Is Sentiment the Cost Now that Freedom Has Been Lost?

The Modern College, a place where students guided by mentors, supported by peers, experiment with adult responsibilities, free to discover their life’s purpose, only impersonates its Pre-COVID self To mitigate health risks of the pandemic, in March and again in Fall 2020, university administrators are restricting students’ freedoms, for which they believe they must, yet, in doing so, their actions diminish the viability and vitality of the college culture.

College administrators are flexing their mightiest leverage, disciplinary action, to compel compliance with ever-changing safety policies, like at Boston University (BU), but in doing so, students are reacting with dismay and frustration:

Furthermore, BU officials designate faculty as “Face Mask Police”, exacerbating divisions between faculty and students that is the antithesis to effective collaboration essential for acquiring knowledge. To date, faculty, typically by age are at higher risk of COVID-19 complications, have already cast students, who are likely given their age and the diminished health risks to socialize with their peers, as potential disease spreaders

Although more restrictive and more debilitating to the social experience which is equally essential in the development of young adults, nonetheless, Albion College officials have taken the even more draconian step of requiring students to stay within a 4.5 mile radius of the Michigan campus, or risk suspension, mandating that students download an app to track their movements.  One student remarked: 

“There’s a few new rules.

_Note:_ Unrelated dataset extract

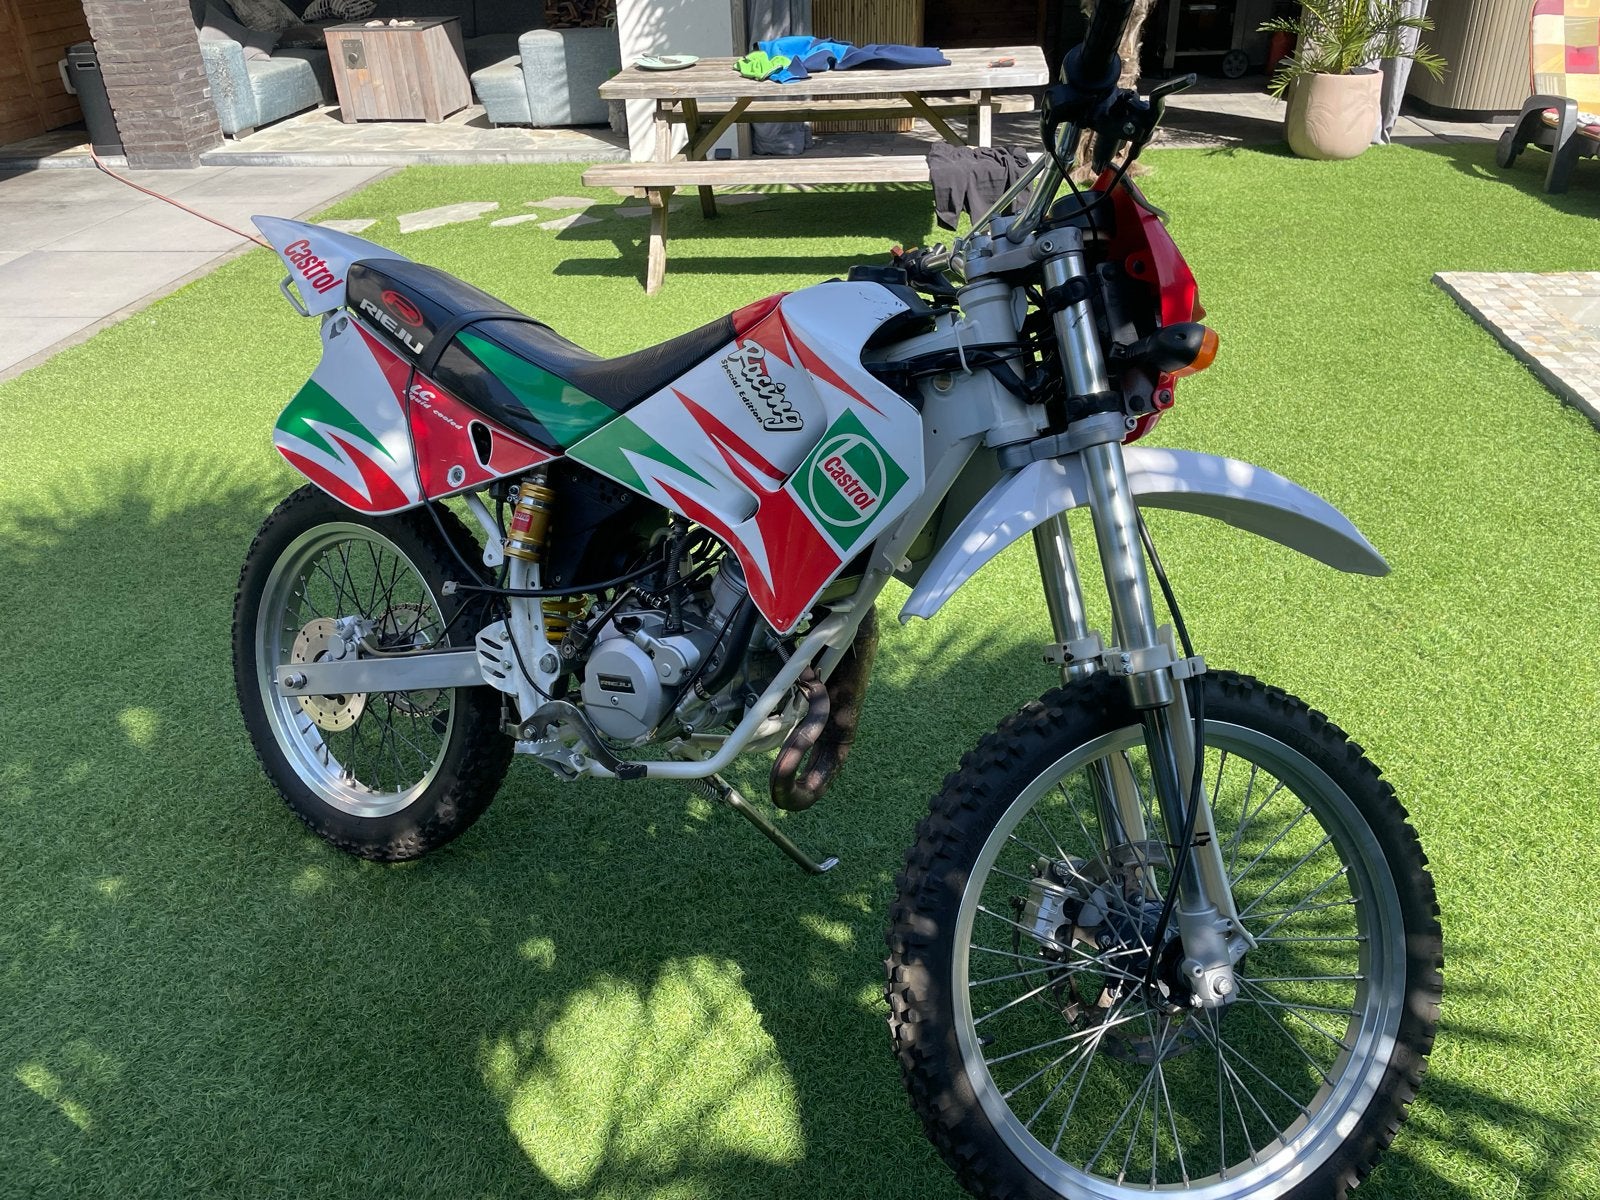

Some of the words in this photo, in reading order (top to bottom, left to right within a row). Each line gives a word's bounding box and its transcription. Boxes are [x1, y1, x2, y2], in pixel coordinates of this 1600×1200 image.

Returning, we all expected to wear masks and social distance. That’s pretty normal these days. But at Albion, it’s like we’re about to become prisoners.”

Hayden Bakker, 22, on beginning his last year of college

The Detroit News, August 19, 2020 (Bold emphasis added by CMC)

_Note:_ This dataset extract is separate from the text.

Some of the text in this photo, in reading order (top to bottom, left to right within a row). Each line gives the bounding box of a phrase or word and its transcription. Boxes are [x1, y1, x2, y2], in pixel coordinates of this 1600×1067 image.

So, students, like Mr. Bakker, are now paying tens of thousands of dollars in tuition only to have their freedom and thus college experience diminished.  And, in order to participate in any semblance of an on campus college experience, they have to submit to the nearly dictatorial implementation of health mandates, radically reducing their freedom or quit and go home. College students’ frustration, and by extension their parents, is compounding, and their sentiments about the value of a college experience are at risk of declining.

As safety measures are haphazardly and autocratically implemented, the social contract between universities and students is fraying. Disillusioned students who sacrificed a majority of their childhood abiding by the rules, acquiring the necessary merit to gain admissions to college, believing they would be rewarded with the opportunity to experience a greater freedom in order to understand how best to pursue a purposeful life, are beginning to resent the very reward for their toils, wondering aloud if the genuine college experience was only an illusion, and a very expensive one at that.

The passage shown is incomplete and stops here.